> **YOUR INSTRUCTIONS**: Nothing less than an exact copy of all the records is required.

Collected data:
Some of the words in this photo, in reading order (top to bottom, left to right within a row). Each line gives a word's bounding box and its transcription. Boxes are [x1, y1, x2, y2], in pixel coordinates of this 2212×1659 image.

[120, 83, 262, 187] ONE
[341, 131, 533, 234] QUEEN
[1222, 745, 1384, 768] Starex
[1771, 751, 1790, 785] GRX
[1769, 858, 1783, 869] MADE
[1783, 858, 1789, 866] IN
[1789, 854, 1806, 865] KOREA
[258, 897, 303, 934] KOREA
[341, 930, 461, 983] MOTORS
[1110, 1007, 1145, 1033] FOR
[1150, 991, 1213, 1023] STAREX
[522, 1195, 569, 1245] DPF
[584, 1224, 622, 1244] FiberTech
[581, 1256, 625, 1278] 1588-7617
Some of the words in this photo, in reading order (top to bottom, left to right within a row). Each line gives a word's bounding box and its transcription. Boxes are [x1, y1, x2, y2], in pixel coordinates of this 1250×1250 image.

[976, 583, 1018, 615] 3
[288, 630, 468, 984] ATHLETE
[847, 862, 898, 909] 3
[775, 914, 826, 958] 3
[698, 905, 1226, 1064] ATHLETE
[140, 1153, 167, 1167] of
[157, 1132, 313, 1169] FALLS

> **SOLUTION**:
Some of the words in this photo, in reading order (top to bottom, left to right within a row). Each line gives a word's bounding box and its transcription. Boxes are [x1, y1, x2, y2], in pixel coordinates of this 2212×1659 image.

[120, 83, 262, 187] ONE
[341, 131, 533, 234] QUEEN
[1222, 745, 1384, 768] Starex
[1771, 751, 1790, 785] GRX
[1769, 858, 1783, 869] MADE
[1783, 858, 1789, 866] IN
[1789, 854, 1806, 865] KOREA
[258, 897, 303, 934] KOREA
[341, 930, 461, 983] MOTORS
[1110, 1007, 1145, 1033] FOR
[1150, 991, 1213, 1023] STAREX
[522, 1195, 569, 1245] DPF
[584, 1224, 622, 1244] FiberTech
[581, 1256, 625, 1278] 1588-7617
Some of the words in this photo, in reading order (top to bottom, left to right within a row). Each line gives a word's bounding box and its transcription. Boxes are [x1, y1, x2, y2], in pixel coordinates of this 1250×1250 image.

[976, 583, 1018, 615] 3
[288, 630, 468, 984] ATHLETE
[847, 862, 898, 909] 3
[775, 914, 826, 958] 3
[698, 905, 1226, 1064] ATHLETE
[140, 1153, 167, 1167] of
[157, 1132, 313, 1169] FALLS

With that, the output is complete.